Would you print out all of the data exactly and keep the pictures out of it?
****************************************
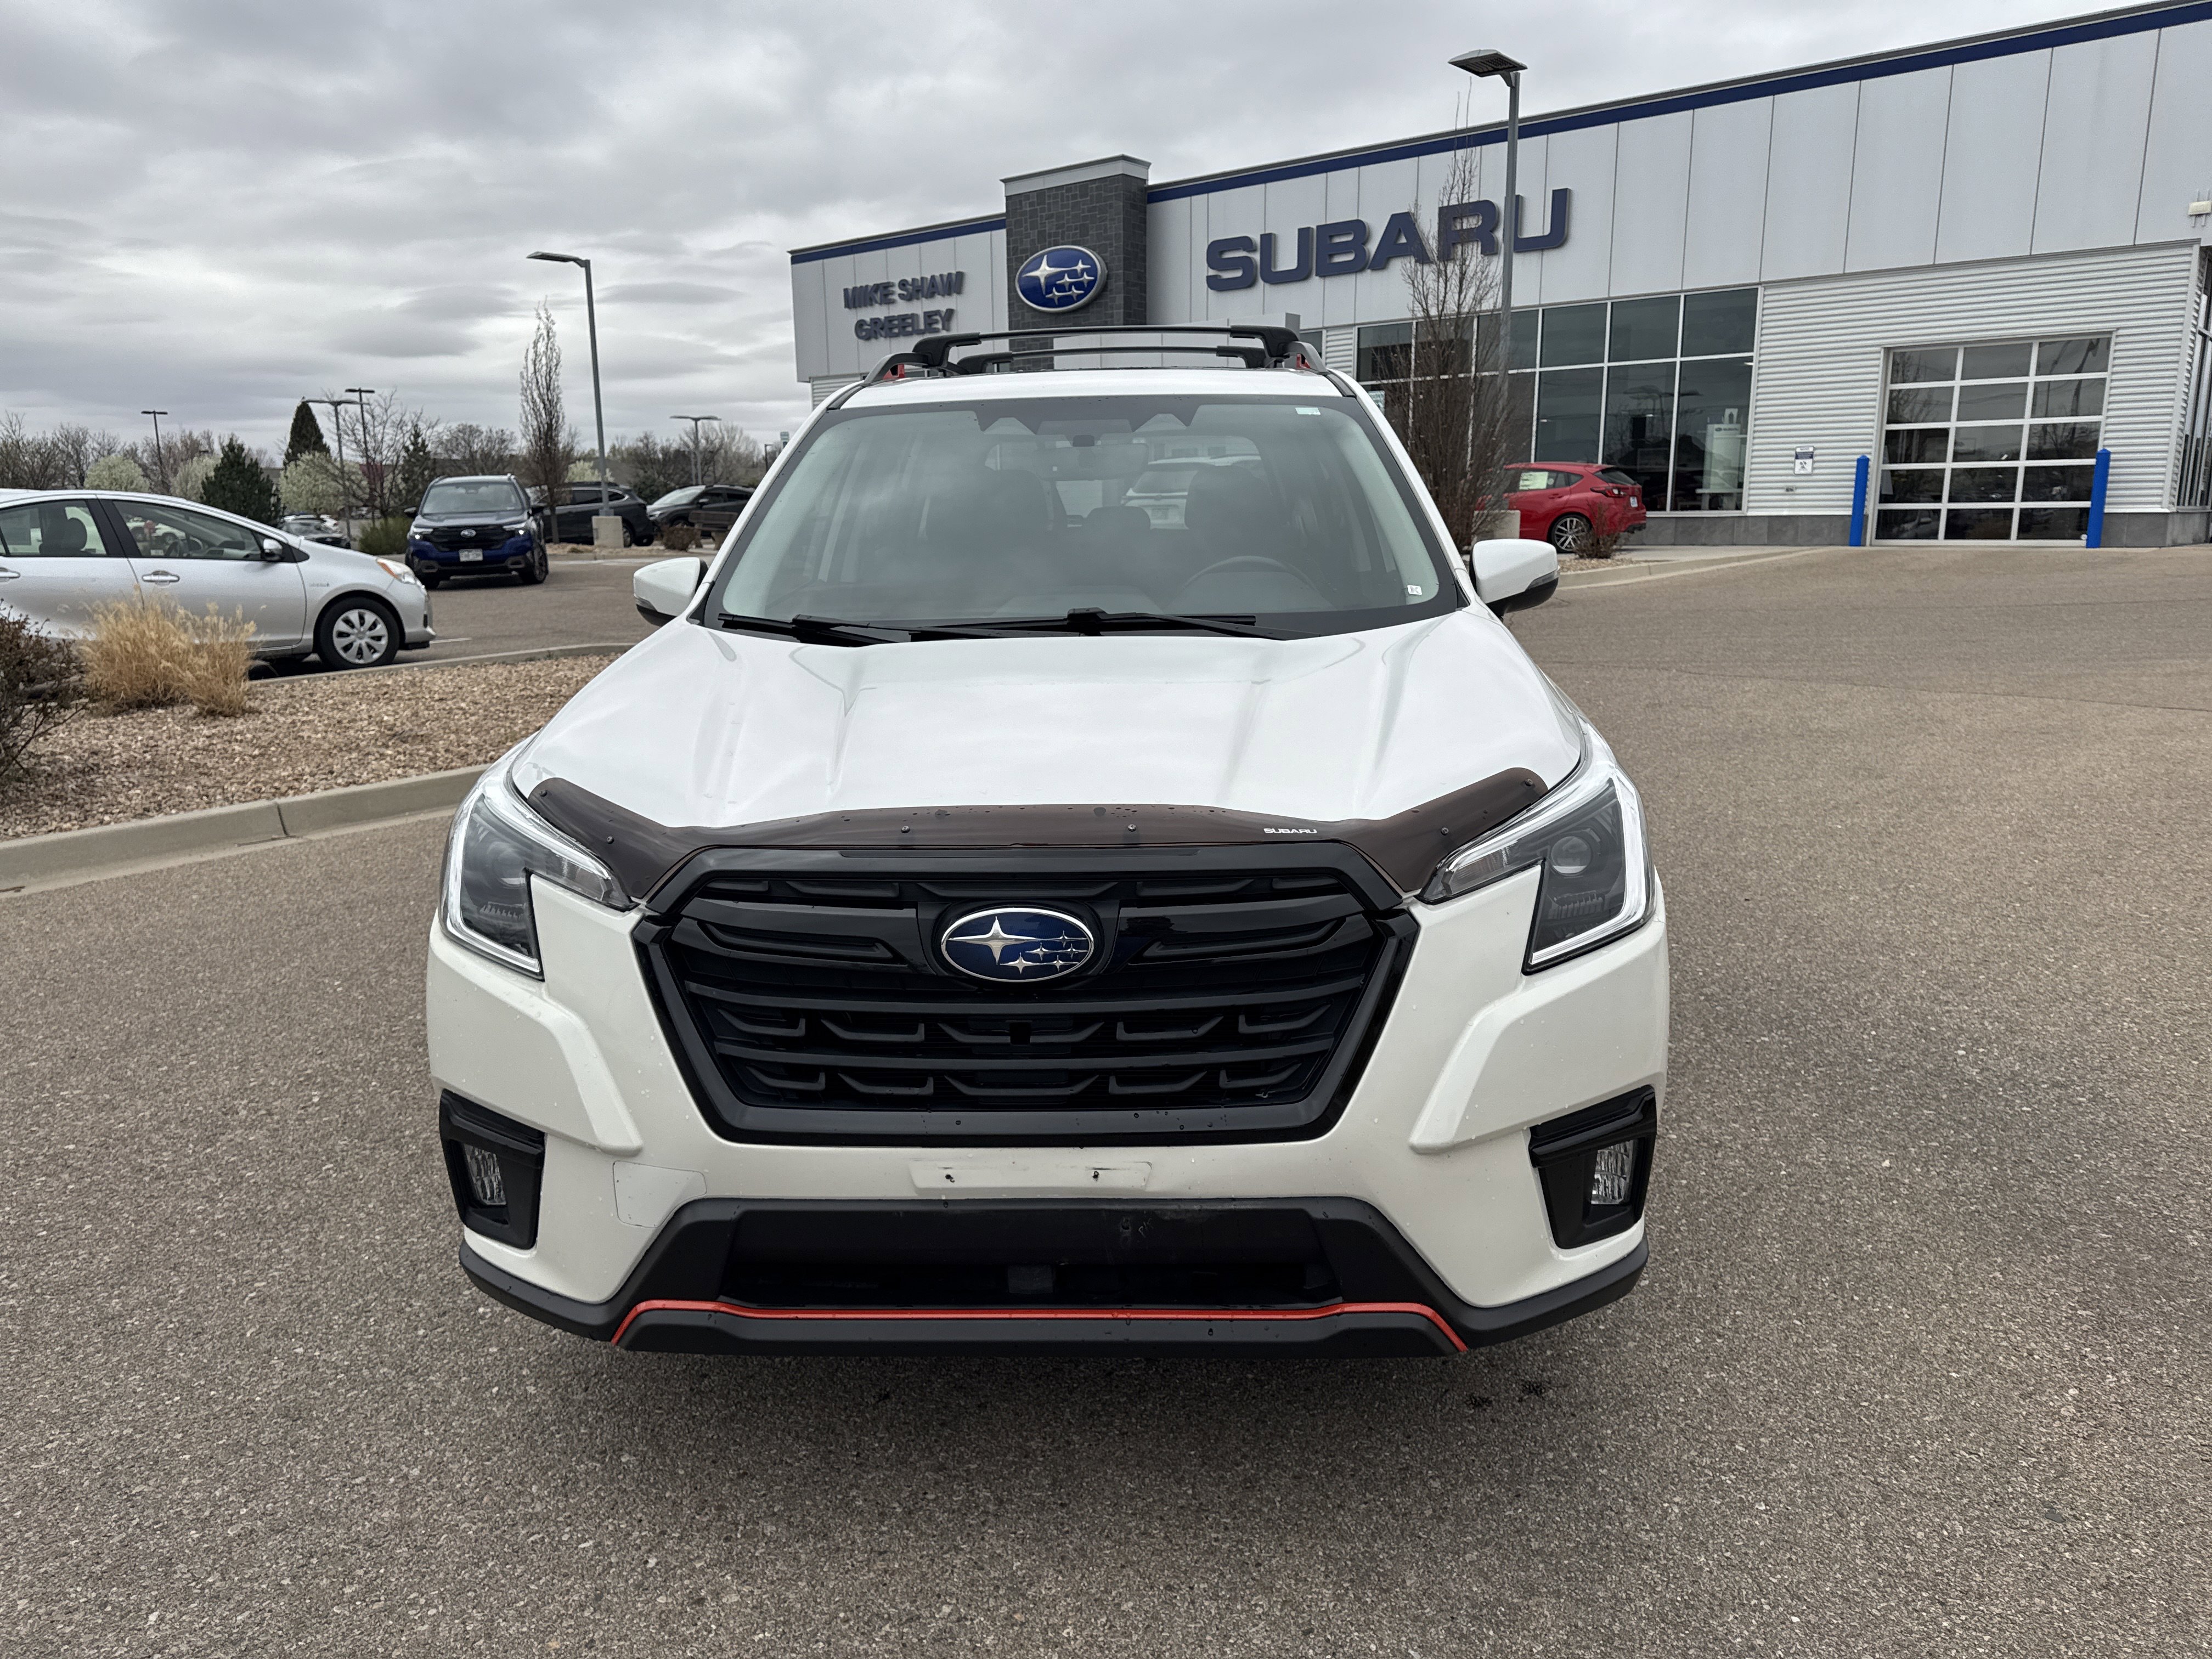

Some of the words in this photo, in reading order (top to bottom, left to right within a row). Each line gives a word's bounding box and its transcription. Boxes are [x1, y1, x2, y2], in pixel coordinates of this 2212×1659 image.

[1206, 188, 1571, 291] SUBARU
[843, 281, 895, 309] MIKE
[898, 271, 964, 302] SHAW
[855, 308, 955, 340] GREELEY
****************************************
- EXPECTED ANSWER
Some of the words in this photo, in reading order (top to bottom, left to right within a row). Each line gives a word's bounding box and its transcription. Boxes are [x1, y1, x2, y2], in pixel coordinates of this 2212×1659 image.

[1206, 188, 1571, 291] SUBARU
[843, 281, 895, 309] MIKE
[898, 271, 964, 302] SHAW
[855, 308, 955, 340] GREELEY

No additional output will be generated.